Monday, 9 December 2013

Questions.

Imagine you have a permanent disability or illness, just pick one at random (Let's hold the discussion between a disability and illness for a later date).  For some of you, just think about your life. Now answer the following questions:

Do you think disability is just a state of mine? If you had the option to spend one year bedridden in exchange for getting rid of your disability, would you? Would your life be better if you weren't disabled? Do you think your disability or illness has made you a better person?

These were questions that were asked at the start of the 'Disability Talk Show' podcast that I listen too (yes I realize that half of my blog posts are just responses from various podcasts). The host of the show (who has albinism) asked his current guest (both who also have a permanent disability) those questions and they laughed awkwardly and answered in the briefest possible way before moving onto other topics. No one, except the host, wanted to discuss the questions in-depth.
So let's get into it.

People don't seem to ever want to discuss the possibility that maybe not having a disability would mean you would have a better life. I understand, it is a complex topic. No one wants to define what a 'good quality of life' means to another person because when we start judging that a person doesn't have a life we think is worth living, we take away their rights as a person. That is everything the disability movement has worked hard to fight. However, we should able to let people talk about how having a disability has made their life better or worse.

Would my life be better if I didn't have CF? My initial reaction is absolutely. No question. It would mean I could have kids, owalk without getting short of breath, and have a longer life expectancy. But then does having a better physical quality of life translates to my life being 'better' as a whole? Quantity doesn't trump quality and I've had a pretty kick ass life so far. Would removing CF mean that I have the same level of psychological, spiritual, or emotional health? I don't know. Maybe I would be at a job I hate with no good friends. Maybe I would be hocked on drugs or gambling. Or maybe I would be just as awesome. It is impossible to tell.

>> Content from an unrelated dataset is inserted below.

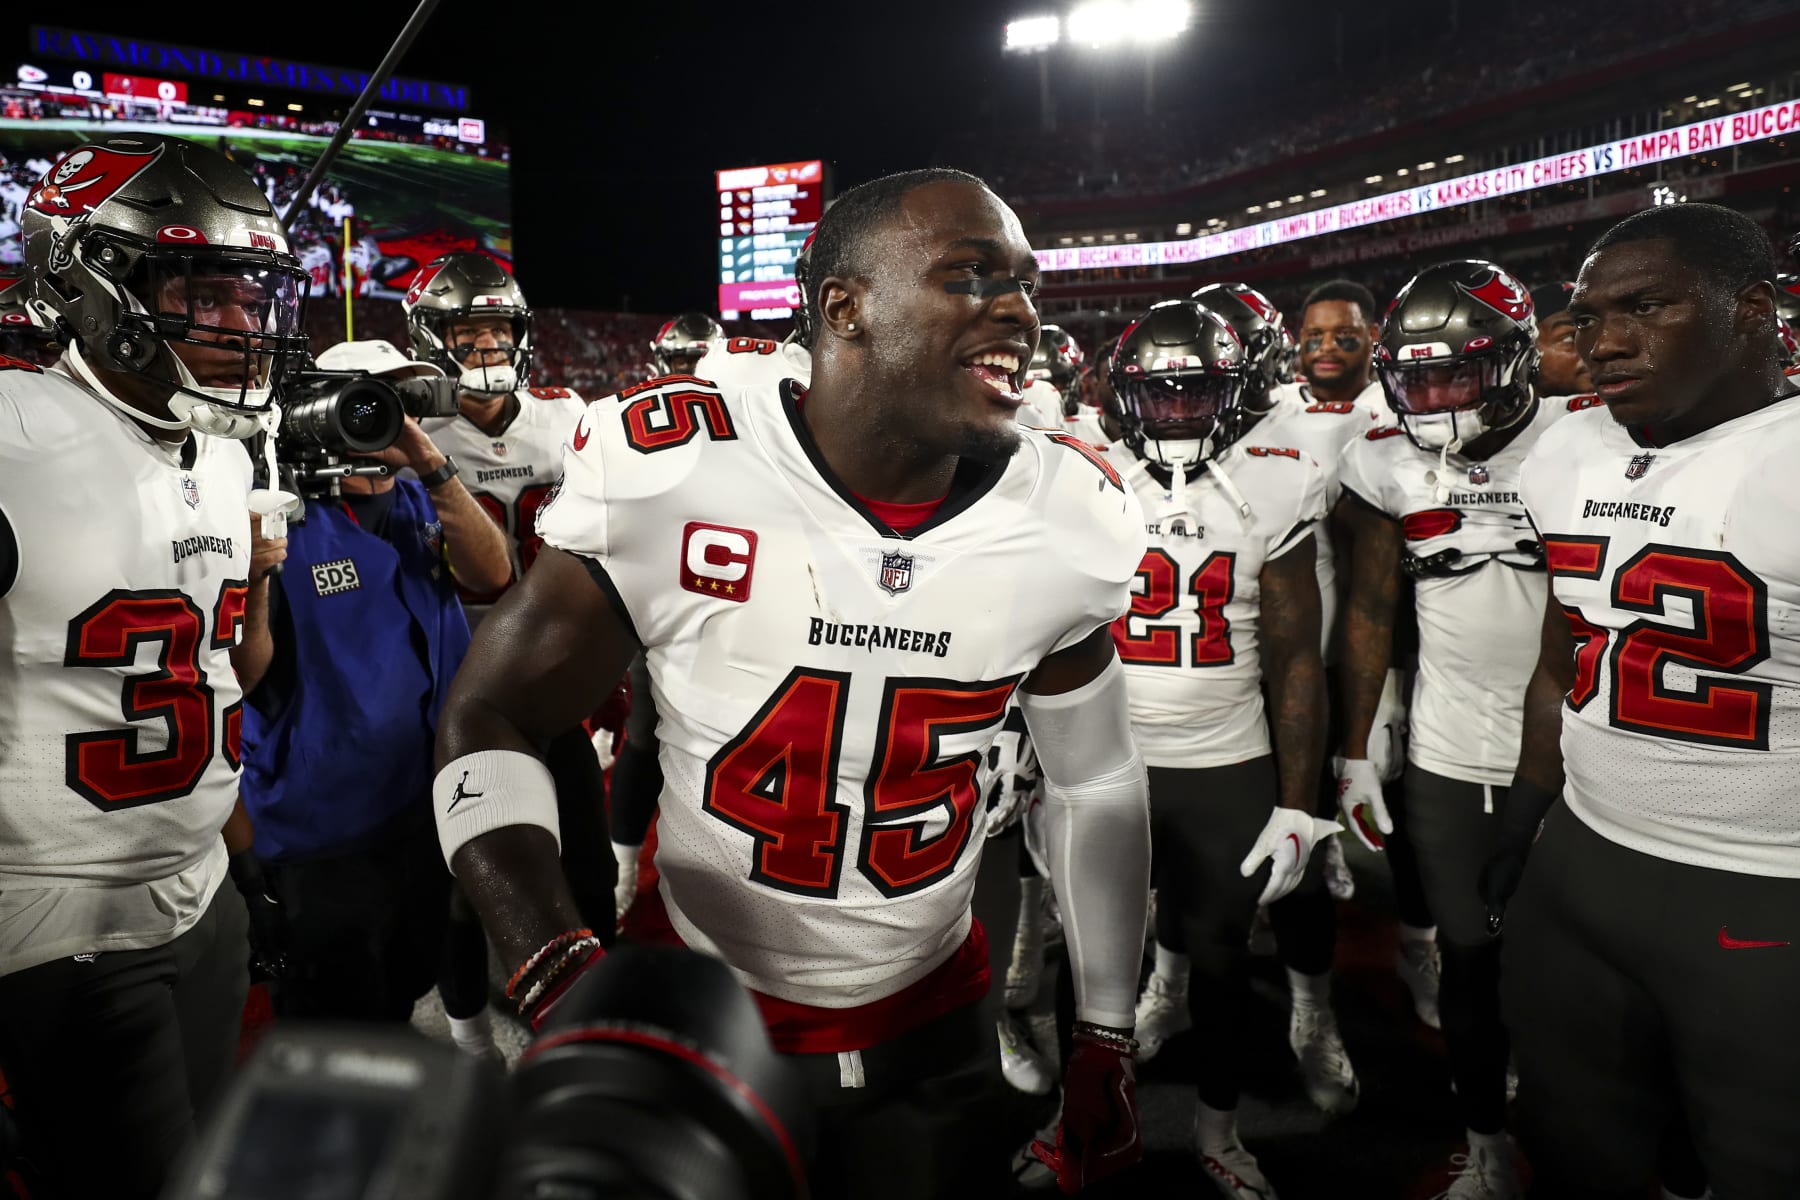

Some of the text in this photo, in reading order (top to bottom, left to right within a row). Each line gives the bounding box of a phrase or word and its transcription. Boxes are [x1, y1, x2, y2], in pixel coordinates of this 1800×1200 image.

I also find it difficult to answer 'has having CF made me a better person?'. My immediate response is no. I am not in group of people that view their disability as a 'gift' or a 'learning experience'. It sucks and I would give it up in a heartbeat. I would, without hesitation, spend a year bedridden in exchange for getting rid of it for the rest of my life. And I don't think I would become a better or worse person than I am today.

However, if I never had the disability, would I be the same person? No. As much as I don't want to admit it, having a disability has affected how I see the world so if I never had that lens, I have no idea who I would be. Would I still have the same drive to experience as much as possible? Would I still have a never quenching thirst to learn new things? Would I see disability and discrimination in the same way? I have no idea.

The only way to be able to answer any of these questions would be if we all got a 'do over' to see how our lives would be different with changes. We don't get to do that so all we can do is wonder 'what if'. I think that some people are uncomfortable talking about how their lives, or a loved ones life, would be better without a disability because it might undermine the life that they do have. It can also be a coping mechanism to say that a person is 'better off' because of their disability. I don't think it is such a bad thing to hypothesis 'what if'. In the same way my life would be easier if I had a million dollars, I know rationally my life would be easier if I didn't have CF. Admitting that doesn't takes anything away from my life or make me feel worse about myself. I'm not distressing over the fact that I don't have a million dollars in the same way that I don't distress over the fact that I have CF.

We, as a society can't have it both ways. We want to find a cure or a reason for every disease and disability without wanting to acknowledge that people's life would be easier without them. If we are honest about how much the disease sucks, then people will understand why finding a way to fix it is important. If we hush over the bad parts, no one will try to make things better because everything is fine. So, can we stop making it a bad thing to admit that having CF (or whatever disability) sucks and that people would better off without it? Doing so doesn't make me or anyone else less of a person.

3 comments:

Unknown said...

I love this post. I do think it's people's coping mechanisms dealing with a disability to say things like " it's a blessing" and " God gave them to you because you are such loving people". Really? Come on. Just say it sucks. Everyone knows it does, saying stupid things isn't going to change that, it will just get the person or family with the disability mad.

I'm not saying that having CF hasn't made me a better person. Maybe it has. How would you know? Does it make me more aware of mortality and try to do things and travel all over the world instead of waiting for them? Yes it does. Does it make us closer as a family and make me try and seek out my friends and have good relationships with them? Yes it does. But would I be like that anyways? No way to know.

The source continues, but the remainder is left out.